■ EXERCISE BRIEF ■
The entries below must be reproduced exactly; their pictures are not part of the copy.

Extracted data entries

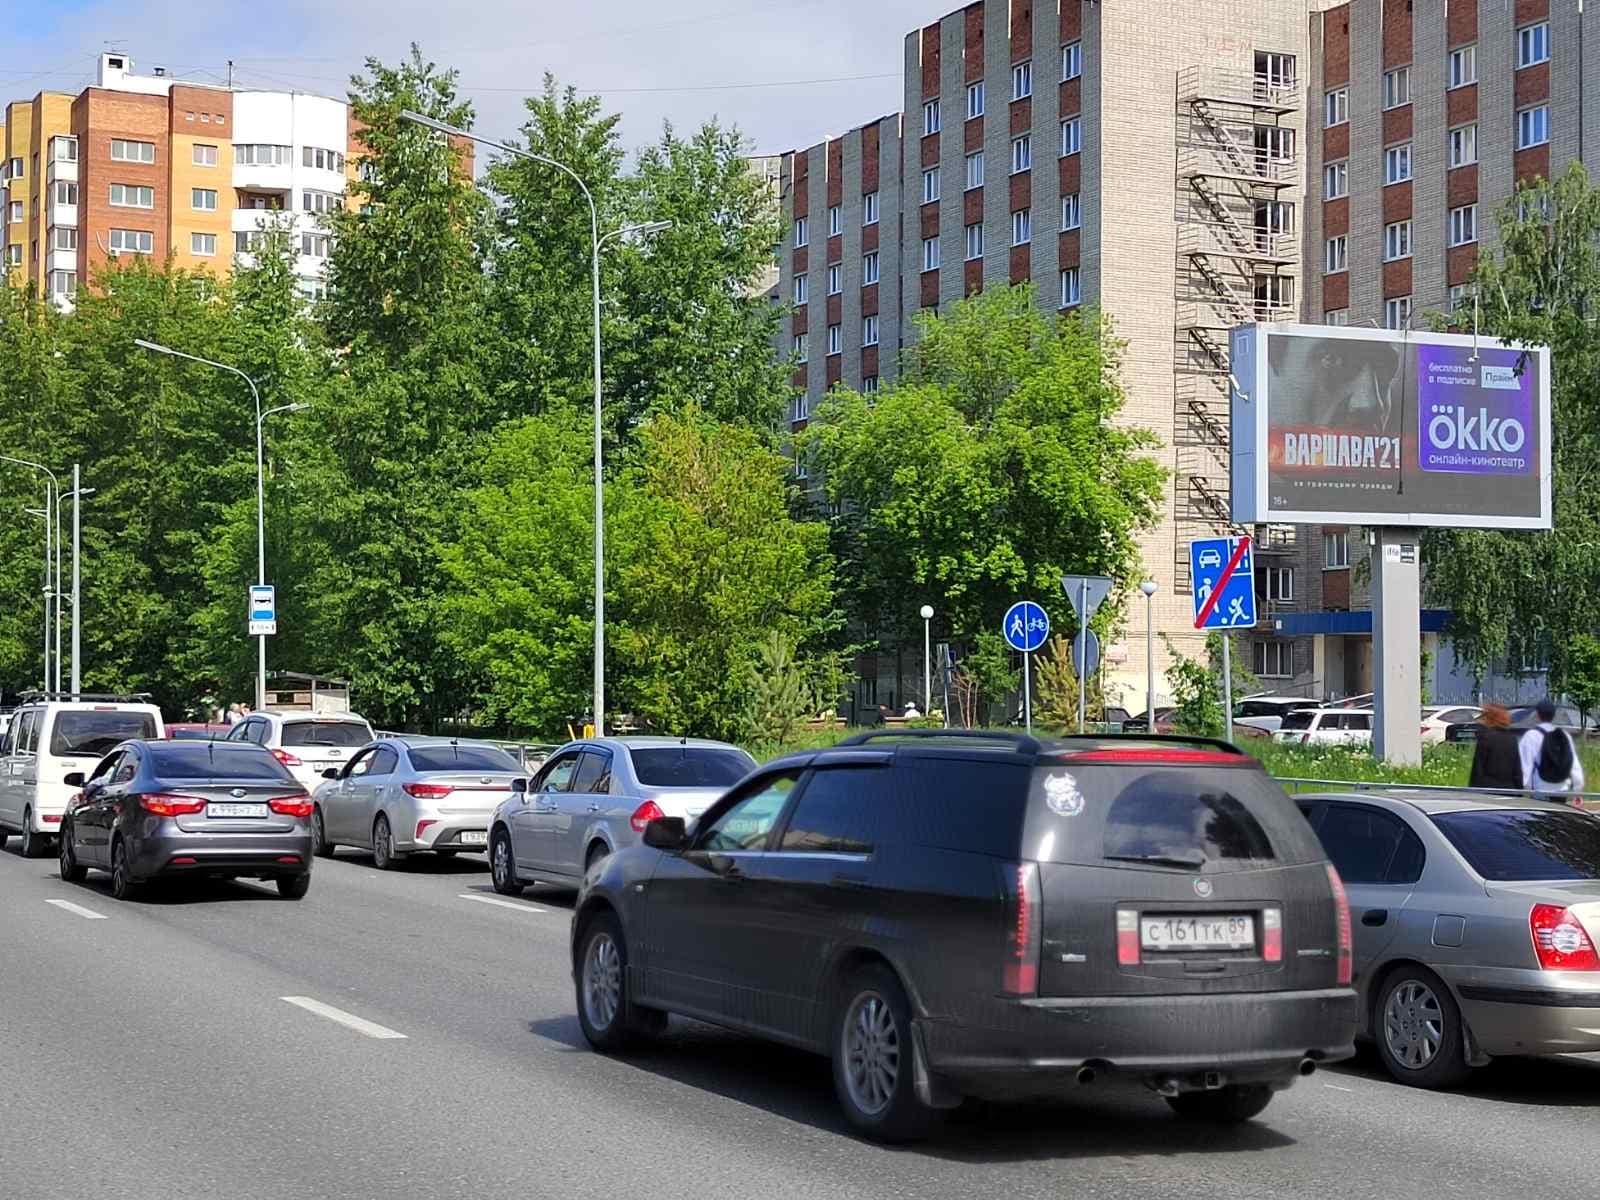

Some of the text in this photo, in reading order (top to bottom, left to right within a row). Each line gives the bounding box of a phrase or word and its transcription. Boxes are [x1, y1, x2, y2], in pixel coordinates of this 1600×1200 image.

[1428, 362, 1473, 374] бесплатно
[1285, 433, 1400, 469] ВАРШАВА'21
[1429, 453, 1525, 469] онлайн-кинотеатр
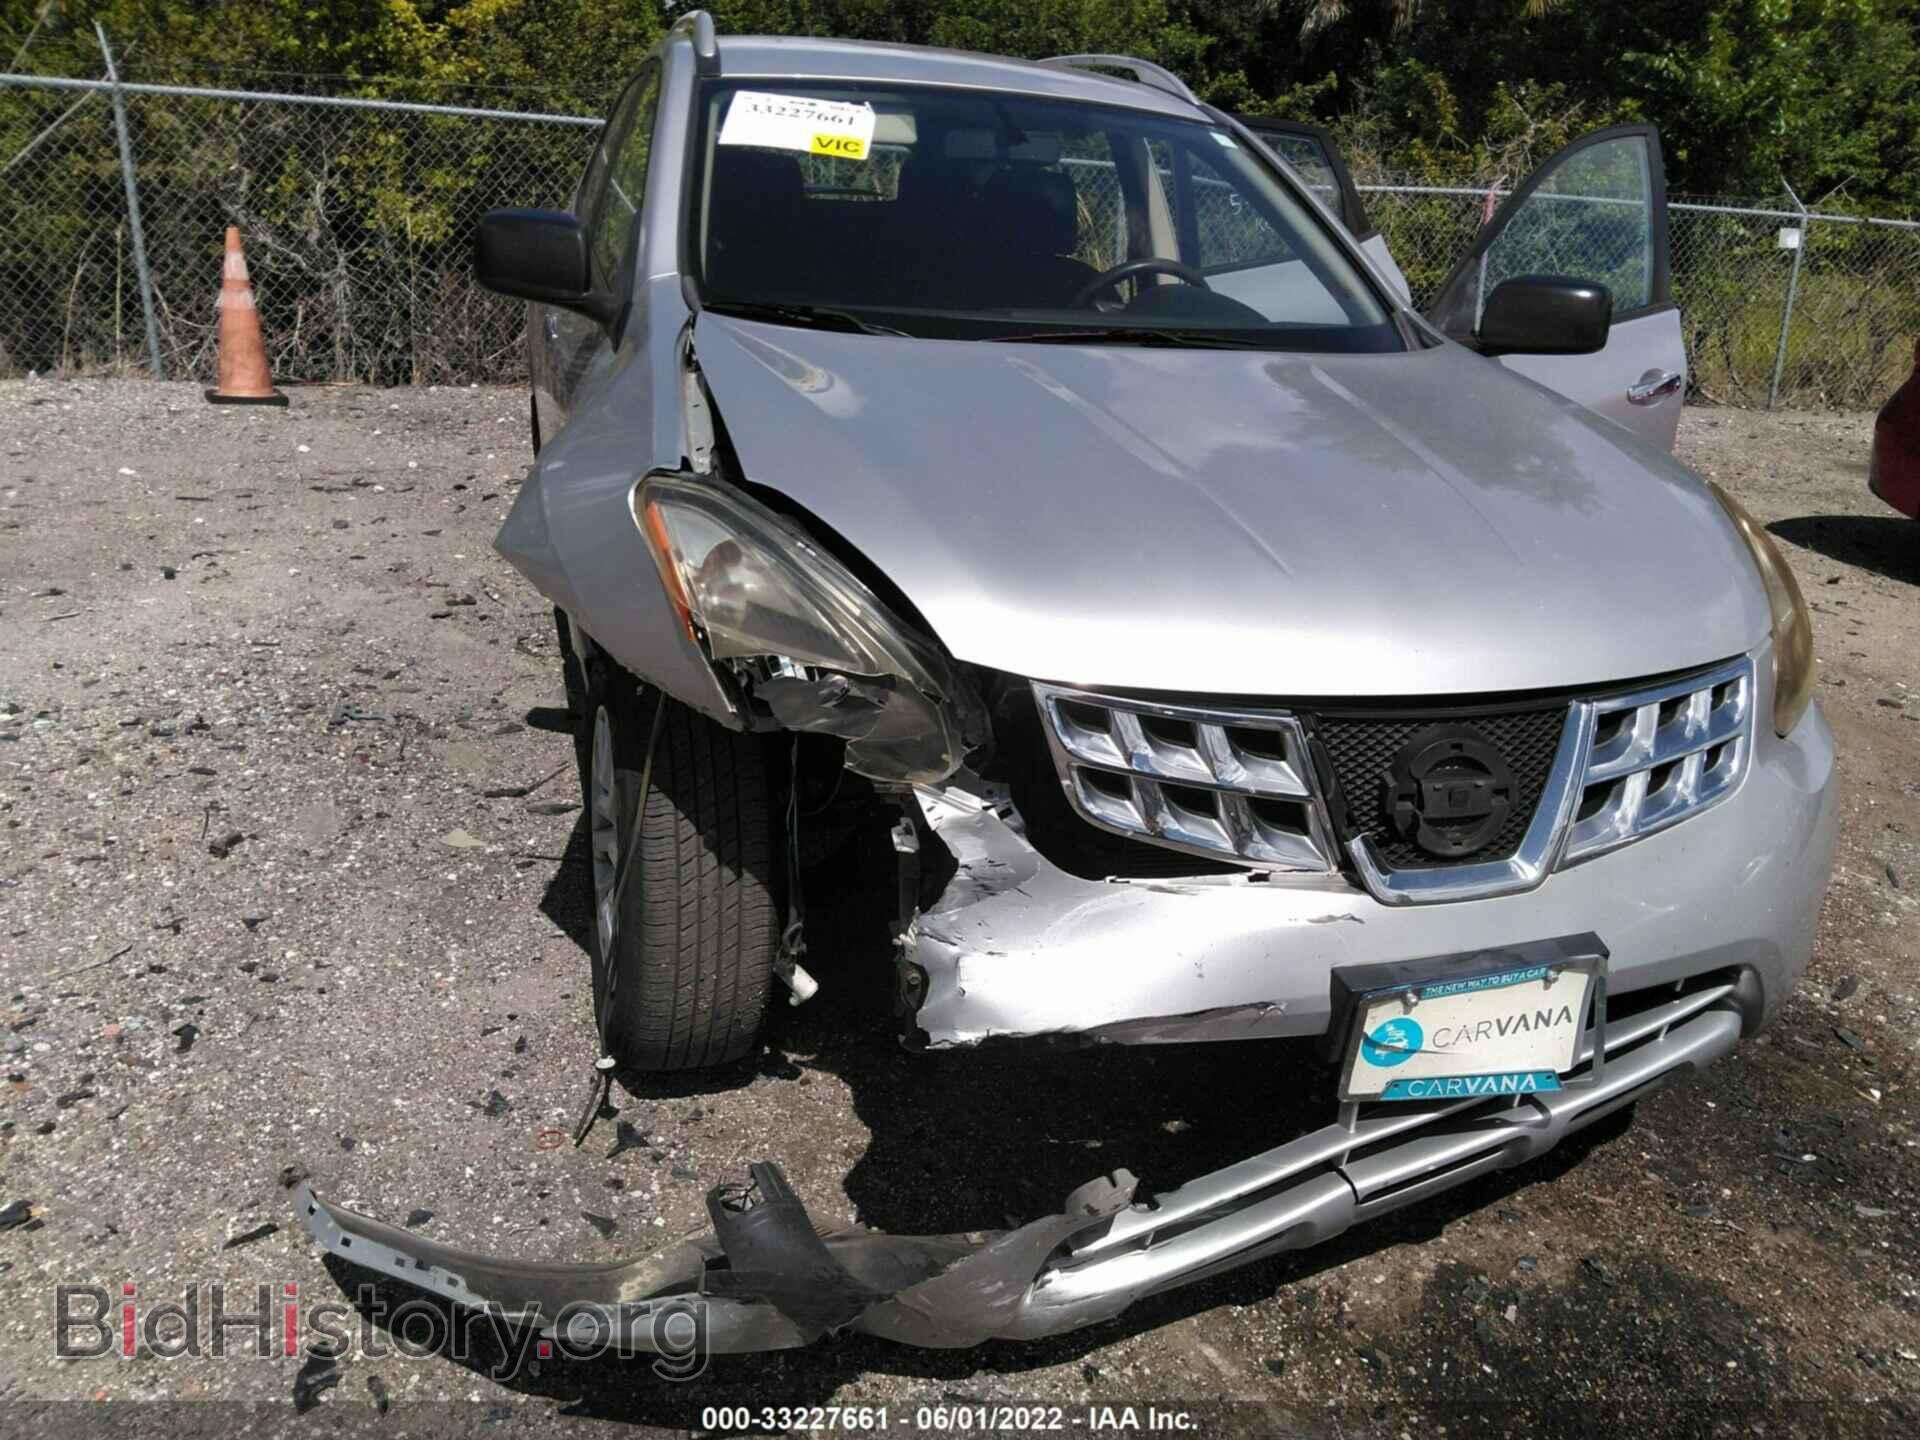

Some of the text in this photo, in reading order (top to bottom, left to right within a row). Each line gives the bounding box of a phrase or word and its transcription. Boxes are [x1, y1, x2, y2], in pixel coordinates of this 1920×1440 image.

[744, 103, 854, 125] 33227661
[816, 136, 861, 153] VIC
[1425, 986, 1442, 995] THE
[1444, 981, 1466, 992] NEW
[1487, 976, 1500, 985] TO
[1432, 1005, 1573, 1048] CARVANA
[1407, 1073, 1537, 1097] CARVANA

■ RESULT ■
Some of the text in this photo, in reading order (top to bottom, left to right within a row). Each line gives the bounding box of a phrase or word and its transcription. Boxes are [x1, y1, x2, y2], in pixel coordinates of this 1600×1200 image.

[1428, 362, 1473, 374] бесплатно
[1285, 433, 1400, 469] ВАРШАВА'21
[1429, 453, 1525, 469] онлайн-кинотеатр

Some of the text in this photo, in reading order (top to bottom, left to right within a row). Each line gives the bounding box of a phrase or word and its transcription. Boxes are [x1, y1, x2, y2], in pixel coordinates of this 1920×1440 image.

[744, 103, 854, 125] 33227661
[816, 136, 861, 153] VIC
[1425, 986, 1442, 995] THE
[1444, 981, 1466, 992] NEW
[1487, 976, 1500, 985] TO
[1432, 1005, 1573, 1048] CARVANA
[1407, 1073, 1537, 1097] CARVANA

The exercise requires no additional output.